Он придумывал в действительности не существовавшие сцены, ударялся в воспоминания военных и партизанских лет, эпически обыгрывал подробности судеб и фамилии встречавшихся нам людей, несколько романтически, иногда чуть ли не в стилистике запорожского «Тараса Бульбы», выстраивал и лепил эстафету народного подвига. От героических ратных дел до теперешних богатырских свершений по перекрытию великих рек и созданию трудно представимой индустриальной нови.
Я противился этой патетике, как умел.
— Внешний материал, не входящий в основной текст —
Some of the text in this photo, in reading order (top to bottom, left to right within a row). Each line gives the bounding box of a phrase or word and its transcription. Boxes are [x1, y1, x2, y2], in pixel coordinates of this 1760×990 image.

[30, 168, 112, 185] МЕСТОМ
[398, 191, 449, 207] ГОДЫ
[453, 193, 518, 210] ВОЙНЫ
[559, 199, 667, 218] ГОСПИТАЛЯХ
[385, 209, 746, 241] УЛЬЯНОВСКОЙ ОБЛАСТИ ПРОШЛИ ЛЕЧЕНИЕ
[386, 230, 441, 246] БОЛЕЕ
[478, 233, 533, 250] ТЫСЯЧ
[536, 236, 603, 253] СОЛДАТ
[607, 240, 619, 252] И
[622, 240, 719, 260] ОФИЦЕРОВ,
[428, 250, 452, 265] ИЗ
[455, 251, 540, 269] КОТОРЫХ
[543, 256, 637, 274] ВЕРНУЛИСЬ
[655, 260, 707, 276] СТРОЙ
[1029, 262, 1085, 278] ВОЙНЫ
Но без большого успеха.
Петр Петрович от письменного стола поверх очков только хитровато взглядывал на меня живыми карими глазами и продолжал скрести пером по бумаге.
Тогда еще не открывшаяся мне авантюрная сторона натуры сочеталась в этом человеке с добродушием и терпеливой усидчивостью. Он был трудолюбив, как крестьянин. И это не только мое впечатление.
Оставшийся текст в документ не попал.